According to Imre Galambos, the function of the Shuowen was educational. Since Han studies of writing are attested to have begun by pupils of 8 years old, Xu Shen's categorization of characters was proposed to be understood as a mnemonic methodology for juvenile students.

== Textual history and scholarship ==
Although the original Han dynasty Shuowen Jiezi text has been lost, it was transmitted through handwritten copies for centuries. The oldest extant manuscript currently resides in Japan, and consists of a six-page fragment dating to the Tang dynasty, amounting to about 2% of the entire text. The fragment concerns the section header. The earliest post-Han scholar known to have researched and emended this dictionary was Li Yangbing (), who according to Boltz is "usually regarded as something of a bête noire of [Shuowen] studies, owing to his idiosyncratic and somewhat capricious editing of the text".

=== Shuowen Jiezi Xichuan ===
Shuowen scholarship improved greatly during the Southern Tang and Song dynasties, as well as during the later Qing dynasty.

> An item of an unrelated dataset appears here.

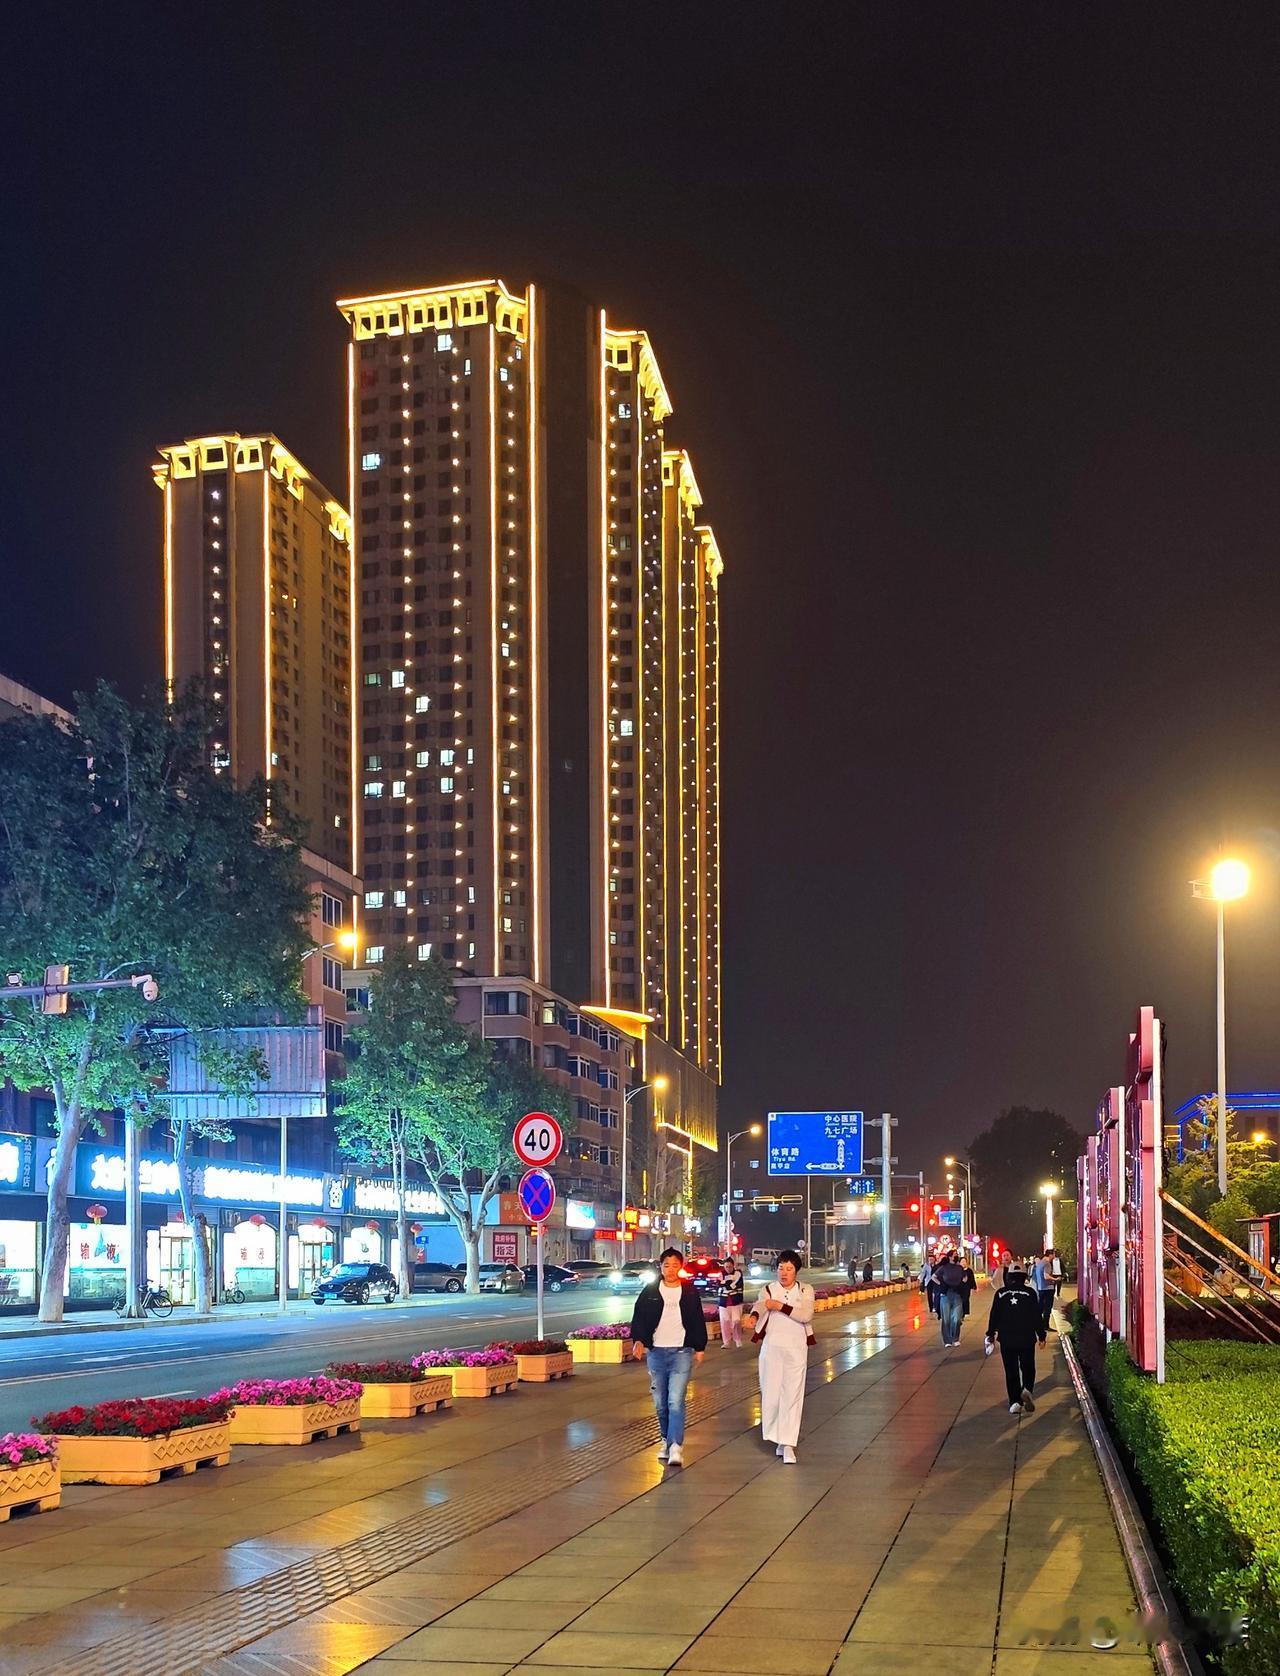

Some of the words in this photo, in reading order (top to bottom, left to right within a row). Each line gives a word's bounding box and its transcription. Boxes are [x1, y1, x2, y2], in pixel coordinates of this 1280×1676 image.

The most important Northern Song scholars were the brothers Xu Xuan (916–991) and Xu Kai (920–974). In 986, Emperor Taizong of Song ordered Xu Xuan and other editors to publish an authoritative edition of the dictionary, which became the Shuowen Jiezi Xichuan.

Xu Xuan's textual criticism has been especially vital for all subsequent scholarship, since his restoration of the damage done by Li Yangbing resulted in the closest version we have to the original, and the basis for all later editions. Xu Kai, in turn, focused on exegetical study, analyzing the meaning of Xu Shen's text, appending supplemental characters, and adding fanqie pronunciation glosses for each entry. Among Qing-era Shuowen scholars, some like Zhu Junsheng (1788–1858), followed the textual criticism model of Xu Xuan, while others like Gui Fu (1736–1805) and Wang Yun (1784–1834) followed the analytical exegesis model of Xu Kai.

=== Later and contemporary study ===
While the Shuowen Jiezi has historically been very valuable to scholars and was the most important early source regarding the structure of Chinese characters, much of its analysis and many of its definitions have been superseded by later scholarship, in particular that resulting from the late 19th-century discovery of oracle bone script. It is no longer seen as authoritative for definitions and graphical analysis. Xu lacked access to the earlier oracle bone inscriptions, as well as bronzeware inscriptions from the Late Shang and Western Zhou periods, which often provide valuable insight. For example, Xu categorized (lǜ 'be concerned', 'consider') under the  'think' radical, noting its phonetic as (hǔ 'tiger'). However, early forms of the character attested on bronzes have a signific and (lǚ 'a musical pitch') phonetic—which is also seen in early forms of (lǔ 'vessel', 'hut') and (lǔ 'captive').

The Qing scholar Duan Yucai's annotated Shuowen Jiezi Zhu is particularly notable, and the most common edition still in use by students.

20th-century scholarship offered new understandings and accessibility. Ding Fubao collected all available Shuowen materials, clipped and arranged them in the original dictionary order, and photo-lithographically printed a colossal edition. Notable advances in Shuowen research have been made by Chinese and Western scholars like Ma Zonghuo and Ma Xulun.